How Pakistan treats its new mothers

Pakistan only has 1,795 gynecologists, mostly concentrated in urban areas, and 215,806 nurses and midwives to cater to the 13,000 babies born each day

In the early hours of October 17, Sameera Bibi went into labour. Her husband, a construction worker, rushed her in a rickshaw to the Tehsil Headquarter Hospital in Raiwind, on the outskirts of Lahore. On the way there, the couple were anxious and excited. There was little to worry about. The doctors had promised a successful and safe delivery. But on arriving at the hospital, panic set in. At 6 AM in the morning, none of the obstetricians were available. Neither were there any ambulances that could take Bibi to another hospital. Eventually, the woman, doubled over in pain, was sent to sit outside on the pavement, where she was forced to deliver her child, unattended and with only her husband by her side.

Four days earlier. In Faisalabad, a woman gave birth to a baby boy inside a Rescue 1122 ambulance. She told reporters that the staff at the Tandlianwala Tehsil Headquarter Hospital turned her away. Normal delivery services, they told her, were not offered on Saturdays.

Pakistani nurse takes care of a newborn baby at Lady Sobhraj Maternity Hospital in Karachi - AFP 

In Pakistan, maternity services often fail women from low-income groups, who experience the worse care during pregnancy and at the time of delivery. State-run hospitals are often overcrowded or lacking in basic healthcare facilities. Last week, at the Polyclinic Hospital in Islamabad, three pregnant women were seen sharing one, single bed.

Overpopulated labour rooms, and the shortage of hands, also force women to opt instead for deliveries at home, with or without skilled midwives. “Ten years ago, I was with my sister at a government hospital for the birth of her first child,” Razia, the mother of four in Rawalpindi, told “It was terrible, the experience. At that point, I promised myself I would deliver all my children at home, no matter what.”

Of the 4.4 million mothers-to-be, only half are delivered at health facilities, according to the World Health Organization. More and more women prefer to stay at home and would only seek out a professional during times of complications. This is a problem. Prenatal care is important to saving the life of both the mother and the child. In 2006, 239 women died per 100,000 live births. Since then, the survival rate has improved. In 2016, 178 women died giving birth per 100,000, according to the World Bank. Yet the overall picture remains grim. 

Take the UNICEF study, for example, that calculates that out of 10 women only five in Pakistan’s rural areas visit a trained birth attendant. While in urban areas, nine out of 10 women seek out a doctor during their pregnancy.
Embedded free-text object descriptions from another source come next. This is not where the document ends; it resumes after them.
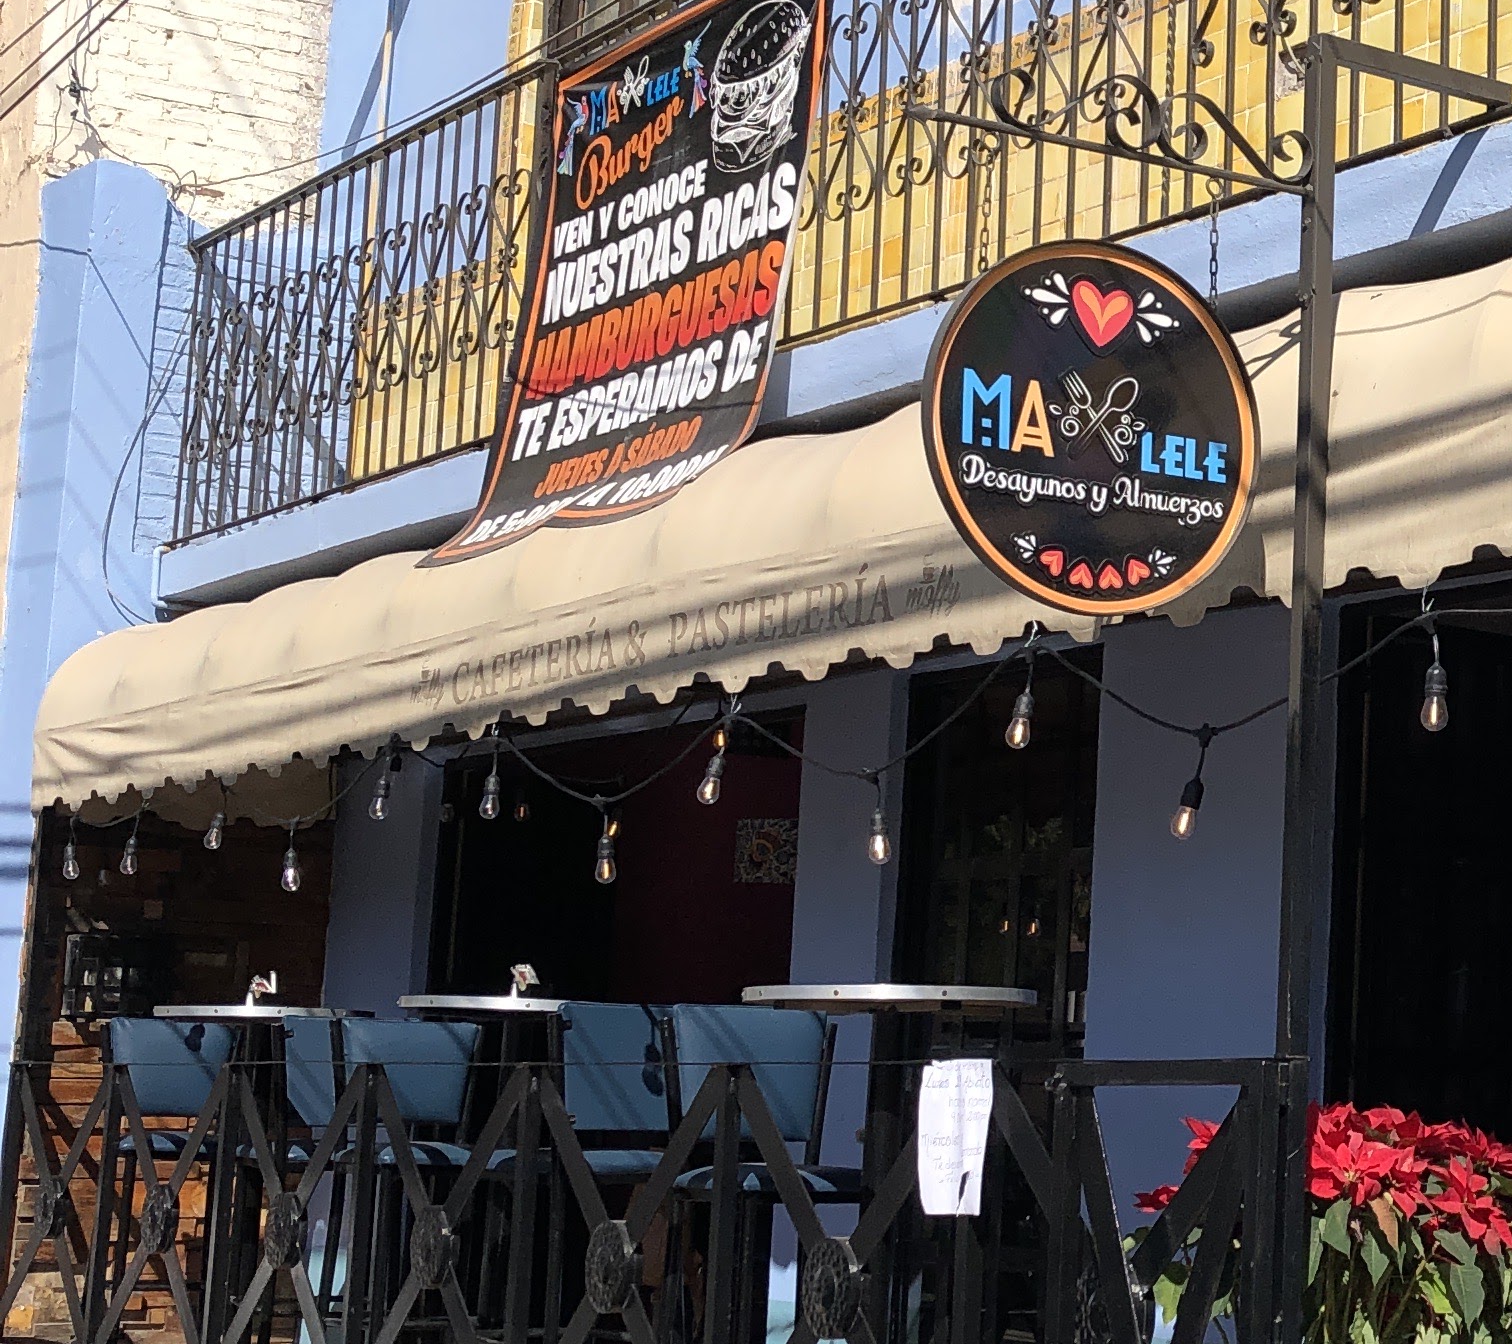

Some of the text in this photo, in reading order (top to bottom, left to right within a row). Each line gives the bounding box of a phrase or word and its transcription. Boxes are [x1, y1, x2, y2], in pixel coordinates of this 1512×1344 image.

[554, 159, 708, 259] VEN Y CONOCE
[575, 96, 685, 210] Burger
[541, 162, 796, 326] NUESTRAS RICAS
[525, 240, 786, 400] HAMBURGUESAS
[511, 321, 769, 462] TE ESPERAMOS DE
[962, 367, 1228, 484] MA LELE
[534, 416, 703, 499] JUEVES A SÁBADO
[962, 454, 1224, 525] Desayunos y Almuerzos
[459, 514, 507, 546] DE
[452, 616, 616, 705] CAFETERÍA
[624, 619, 648, 666] &
[668, 563, 894, 657] PASTELERÍA
In Baluchistan, fewer than two in 10 women give birth at health centers.

In the district of Rajanpur (Punjab), Tharparkar (Sindh) and Sherani (Balochistan) only one in 10 mothers have professional assistance.
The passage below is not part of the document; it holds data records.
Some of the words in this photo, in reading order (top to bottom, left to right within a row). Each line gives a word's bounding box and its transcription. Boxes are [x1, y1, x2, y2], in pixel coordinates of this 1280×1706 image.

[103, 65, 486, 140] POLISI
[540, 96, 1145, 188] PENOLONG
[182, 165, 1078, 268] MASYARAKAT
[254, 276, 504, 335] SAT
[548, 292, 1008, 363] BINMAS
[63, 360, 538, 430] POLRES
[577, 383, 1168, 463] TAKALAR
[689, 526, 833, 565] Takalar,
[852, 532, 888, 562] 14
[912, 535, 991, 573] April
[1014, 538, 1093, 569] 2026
But even if more Pakistani women were ready to seek obstetric care, they are likely to be turned away. Dr Humaira Sikander, a gynaecologist at the Poly Clinic Hospital in Islamabad, says, “We provide antenatal care to over 300 pregnant women every day, whereas we only have the capacity for 130 to 150 women daily.”

One solution to helping the under-resourced health facilities could be by improving Basic Health Units around the country that are required to provide minimal and primary healthcare services in rural areas. But in most cases, these units are either ill-equipped or located at far distances. Women, adds Dr. Sikander, often bypass the BHUs and come directly to the hospitals for even minor complaints.

When it comes to maternal and childcare, the government has introduced a raft of initiatives. In 1994, the National Program for Family Planning and Primary Healthcare hired 100,000 lady health workers at a salary of Rs 10,000 to look after 1,000 mothers each. It has been almost two decades since. None of the health workers have been regularized. Most are still being paid the same amount they received in the 90s. “We have protested several times in front of the parliament,” explains Ruksana Anwar, the president of the Lady Health Workers Association in Punjab. During the last tenure of the Pakistan People’s Party, the Supreme Court took notice of their complaints and instructed the government to regularise their services. Little has been done since.

Then there are other challenges to the prenatal services: lack of professionals. Pakistan only has 1,795 gynaecologists, mostly concentrated in urban areas, and 215,806 nurses and midwives to cater to the 13,000 babies born each day. The federal government plans to launch a Human Resource Strategy across all four provinces that would include hiring and training new medical staff. But when and how? No one can say.